*Your goal:* Would you repeat the whole listing exactly, pictures excluded?

- Opening Delimiter -

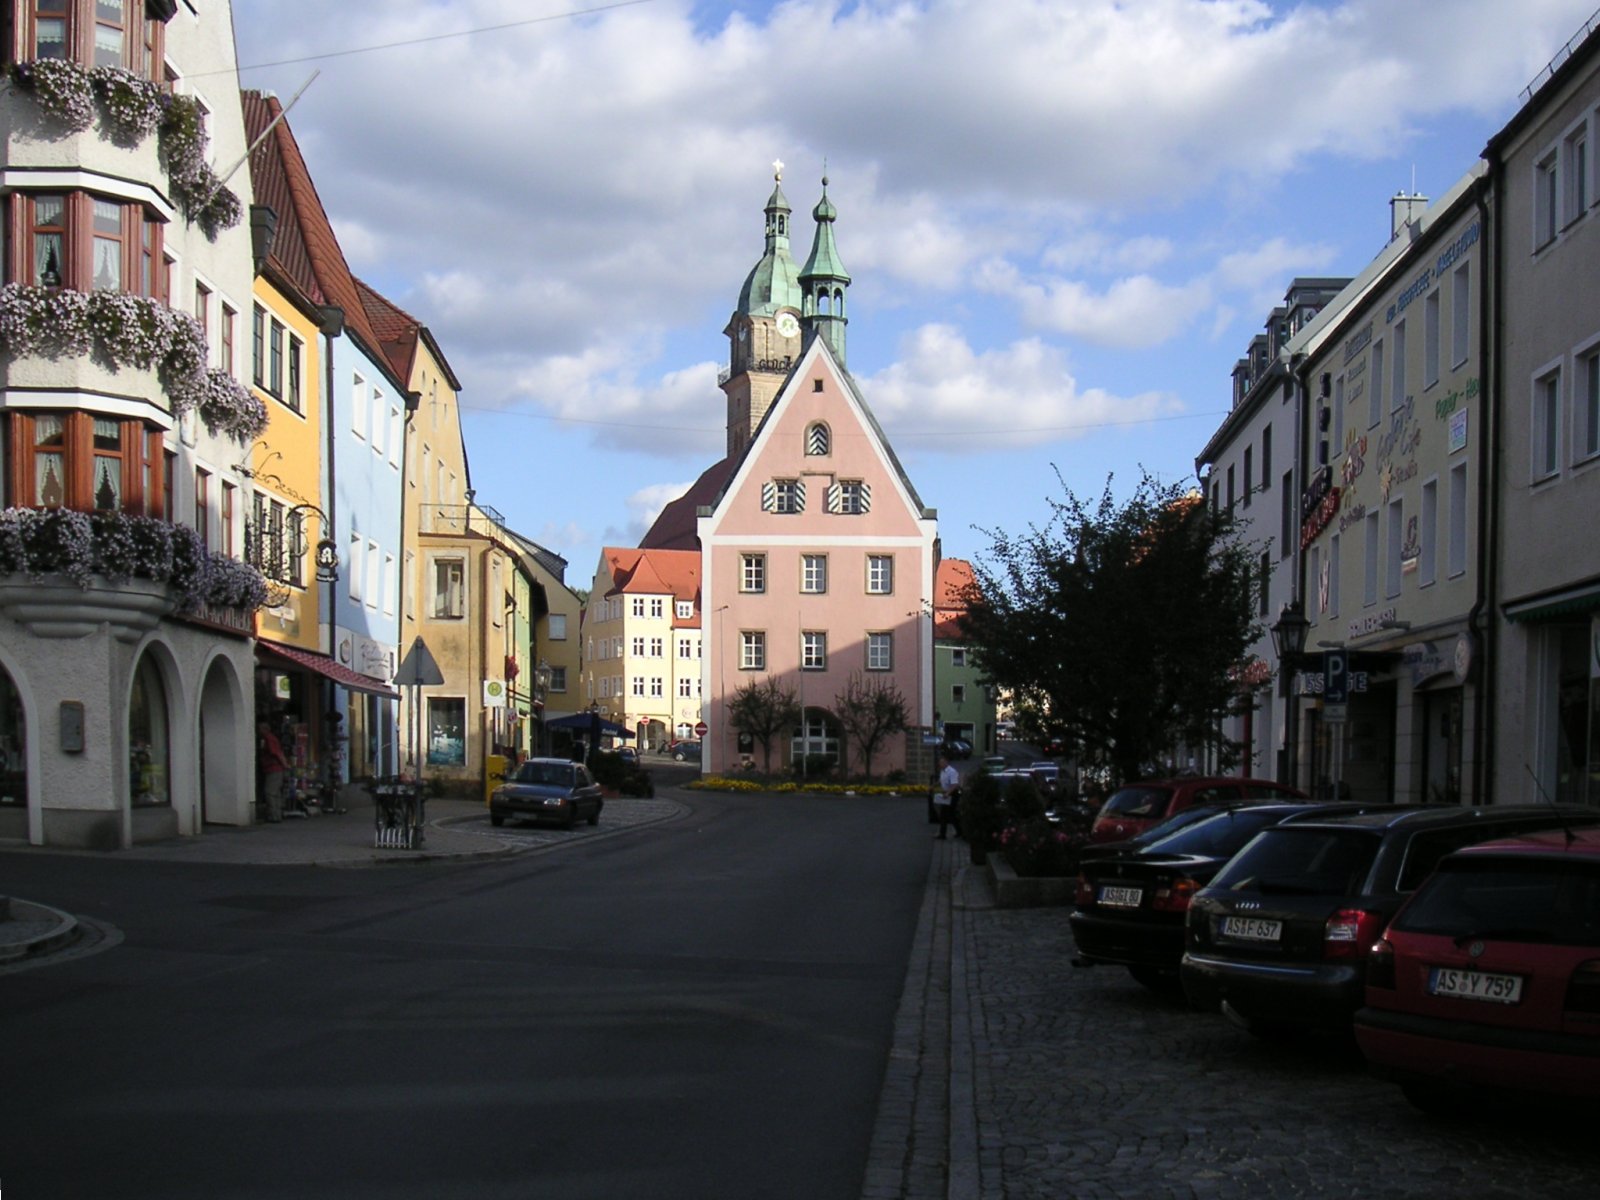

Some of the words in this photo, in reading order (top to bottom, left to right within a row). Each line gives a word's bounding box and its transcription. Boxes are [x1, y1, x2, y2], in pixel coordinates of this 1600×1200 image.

[1328, 655, 1343, 688] P
[1226, 917, 1240, 935] AS
[1246, 920, 1253, 935] F
[1256, 922, 1278, 938] 637
[1437, 971, 1457, 991] AS
[1470, 974, 1480, 993] Y
[1484, 976, 1515, 998] 759
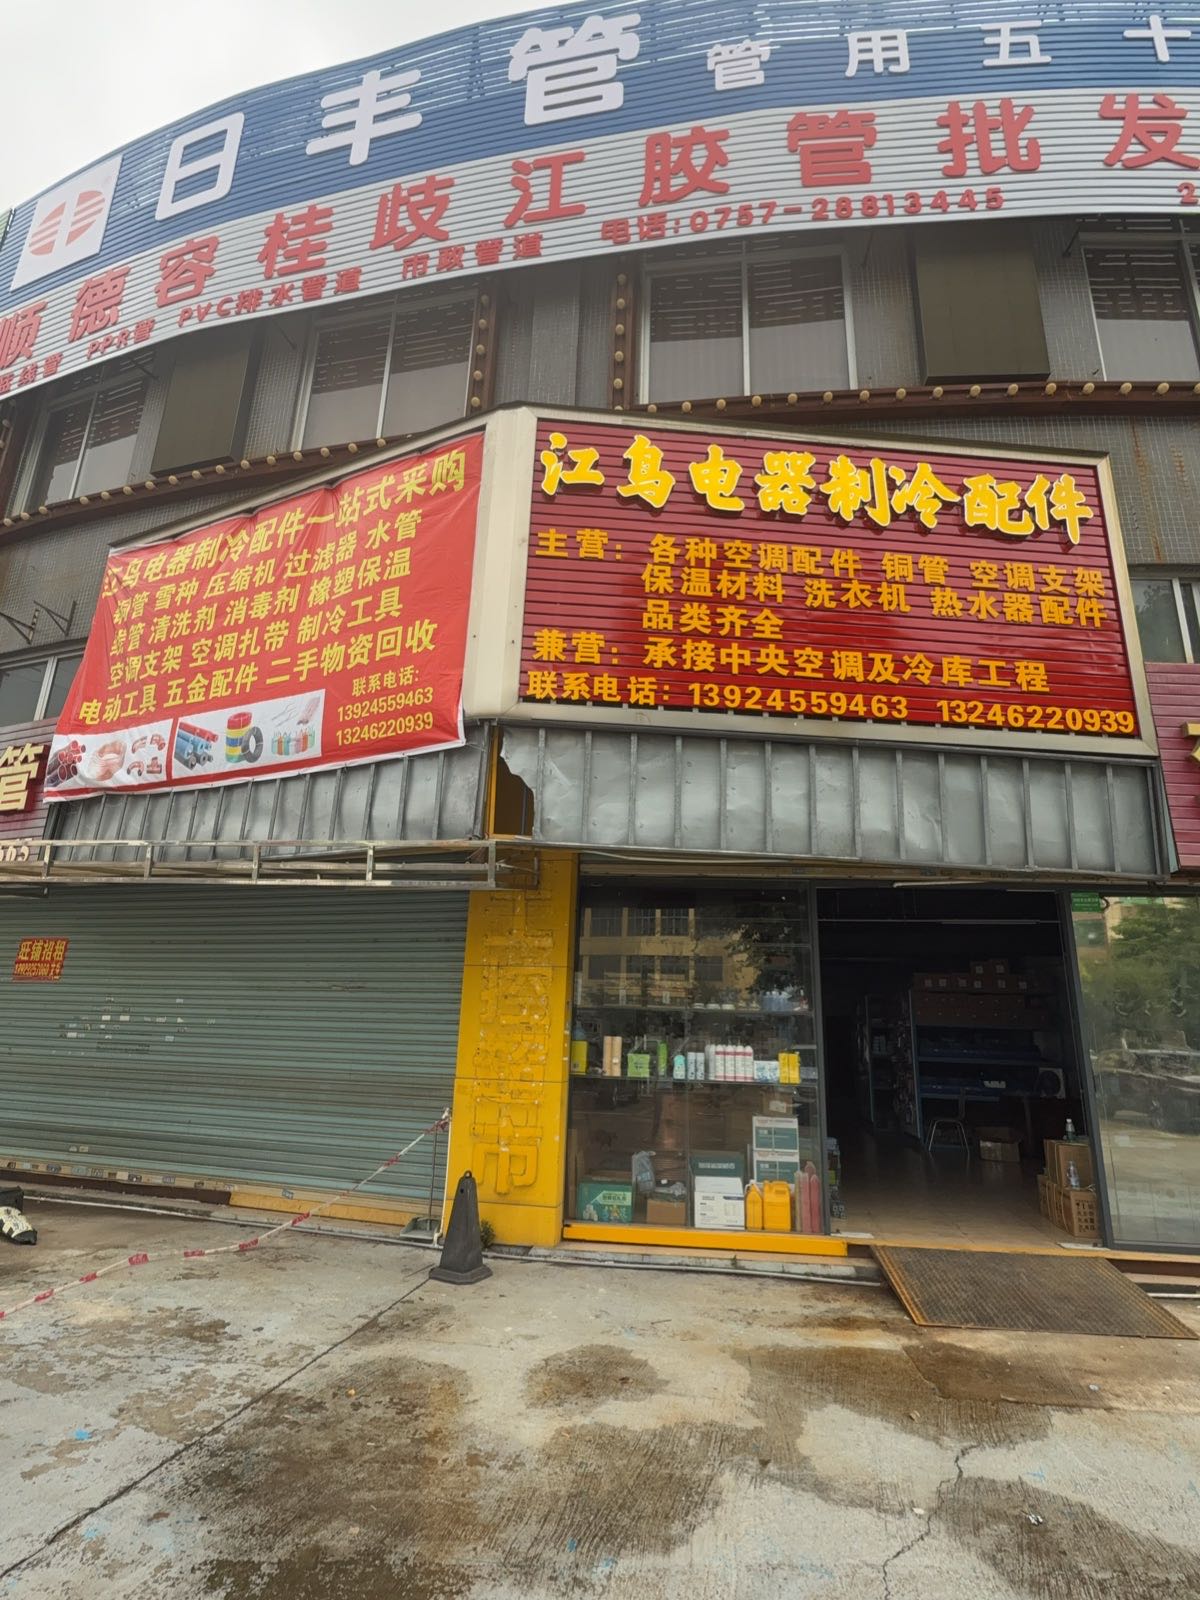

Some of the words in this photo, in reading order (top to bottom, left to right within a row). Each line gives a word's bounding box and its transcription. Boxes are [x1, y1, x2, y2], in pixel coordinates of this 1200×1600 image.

[154, 14, 641, 220] 日丰管
[706, 14, 1191, 91] 管用五十
[87, 317, 155, 360] PPR管
[177, 266, 363, 328] PVC排水管道
[401, 232, 543, 281] 市政管道
[154, 577, 200, 611] 雪种
[203, 558, 276, 600] 压缩机
[283, 531, 358, 579] 过滤器
[365, 508, 423, 550] 水管
[648, 533, 863, 578] 各种空调配件
[881, 551, 949, 586] 铜管
[970, 560, 1106, 597] 空调支架
[148, 602, 219, 644] 清洗剂
[223, 584, 300, 626] 消毒剂
[307, 547, 411, 608] 橡塑保温
[641, 563, 786, 604] 保温材料
[804, 579, 912, 614] 洗衣机
[930, 586, 1108, 628] 热水器配件
[642, 599, 785, 640] 品类齐全
[108, 645, 183, 690] 空调支架
[189, 618, 290, 668] 空调扎带
[297, 586, 404, 645] 制冷工具
[642, 636, 1051, 694] 承接中央空调及冷库工程
[79, 683, 158, 725] 电动工具
[163, 661, 258, 708] 五金配件
[266, 618, 438, 685] 二手物资回收
[337, 686, 434, 722] 13924559463
[336, 711, 434, 746] 13246220939
[688, 682, 909, 720] 13924559463
[936, 699, 1135, 734] 13246220939
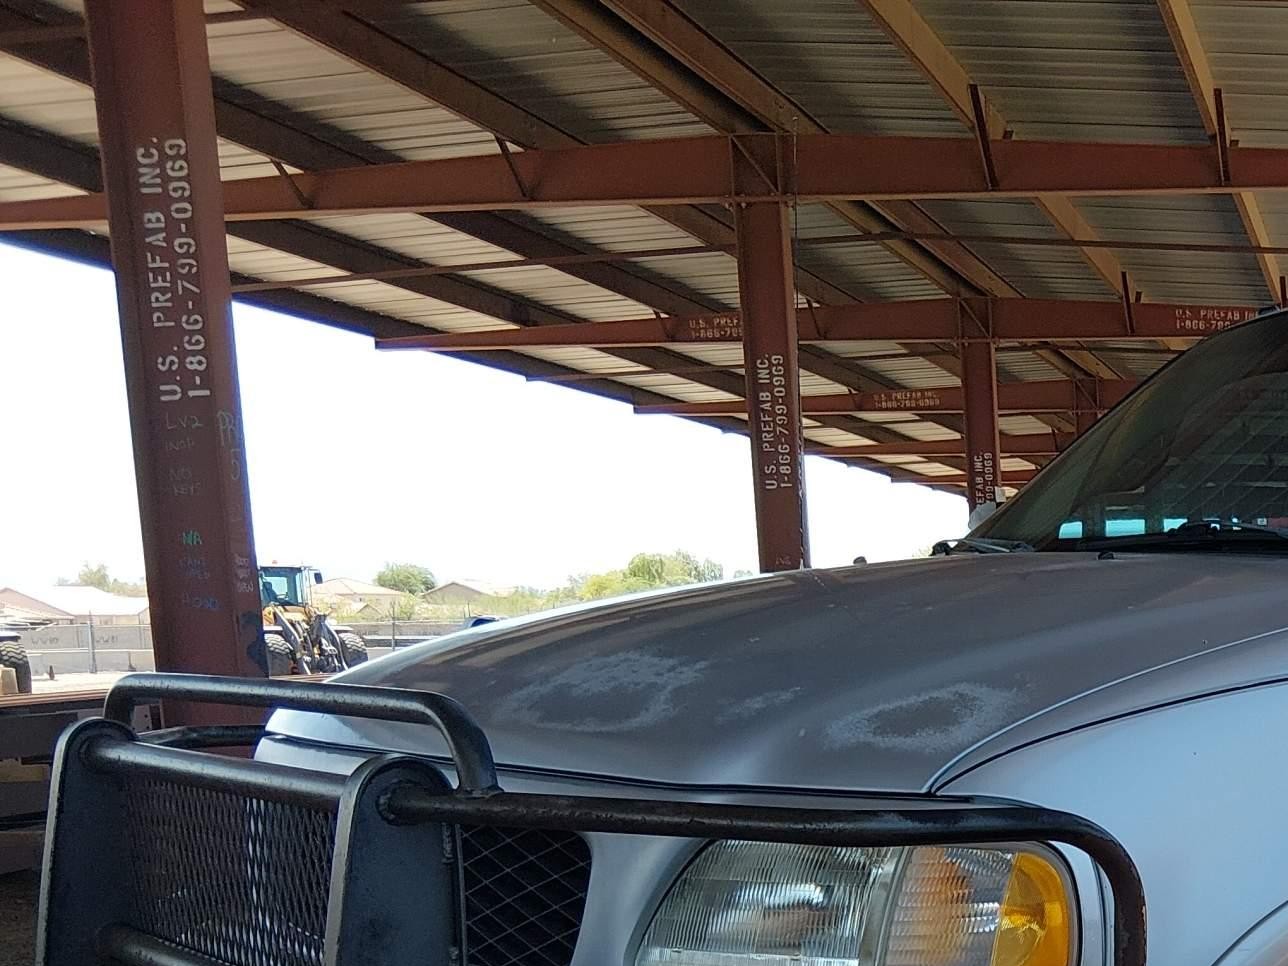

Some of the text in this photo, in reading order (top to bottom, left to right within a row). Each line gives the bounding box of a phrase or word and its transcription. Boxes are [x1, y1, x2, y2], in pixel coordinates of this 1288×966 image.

[137, 136, 183, 401] U.S. PREFAB INC.
[164, 138, 211, 398] 1-866-799-0969
[757, 353, 778, 489] U.S. PREFAB INC.
[771, 354, 792, 488] 1-866-799-0969

- Closing Delimiter -

*Answer section:*
Some of the words in this photo, in reading order (top to bottom, left to right within a row). Each line gives a word's bounding box and its transcription. Boxes are [x1, y1, x2, y2], in pixel coordinates of this 1600×1200 image.

[1328, 655, 1343, 688] P
[1226, 917, 1240, 935] AS
[1246, 920, 1253, 935] F
[1256, 922, 1278, 938] 637
[1437, 971, 1457, 991] AS
[1470, 974, 1480, 993] Y
[1484, 976, 1515, 998] 759

Some of the words in this photo, in reading order (top to bottom, left to right within a row). Each line gives a word's bounding box and its transcription. Boxes are [x1, y1, x2, y2], in pixel coordinates of this 1200×1600 image.

[154, 14, 641, 220] 日丰管
[706, 14, 1191, 91] 管用五十
[87, 317, 155, 360] PPR管
[177, 266, 363, 328] PVC排水管道
[401, 232, 543, 281] 市政管道
[154, 577, 200, 611] 雪种
[203, 558, 276, 600] 压缩机
[283, 531, 358, 579] 过滤器
[365, 508, 423, 550] 水管
[648, 533, 863, 578] 各种空调配件
[881, 551, 949, 586] 铜管
[970, 560, 1106, 597] 空调支架
[148, 602, 219, 644] 清洗剂
[223, 584, 300, 626] 消毒剂
[307, 547, 411, 608] 橡塑保温
[641, 563, 786, 604] 保温材料
[804, 579, 912, 614] 洗衣机
[930, 586, 1108, 628] 热水器配件
[642, 599, 785, 640] 品类齐全
[108, 645, 183, 690] 空调支架
[189, 618, 290, 668] 空调扎带
[297, 586, 404, 645] 制冷工具
[642, 636, 1051, 694] 承接中央空调及冷库工程
[79, 683, 158, 725] 电动工具
[163, 661, 258, 708] 五金配件
[266, 618, 438, 685] 二手物资回收
[337, 686, 434, 722] 13924559463
[336, 711, 434, 746] 13246220939
[688, 682, 909, 720] 13924559463
[936, 699, 1135, 734] 13246220939

Some of the text in this photo, in reading order (top to bottom, left to right within a row). Each line gives the bounding box of a phrase or word and its transcription. Boxes are [x1, y1, x2, y2], in pixel coordinates of this 1288×966 image.

[137, 136, 183, 401] U.S. PREFAB INC.
[164, 138, 211, 398] 1-866-799-0969
[757, 353, 778, 489] U.S. PREFAB INC.
[771, 354, 792, 488] 1-866-799-0969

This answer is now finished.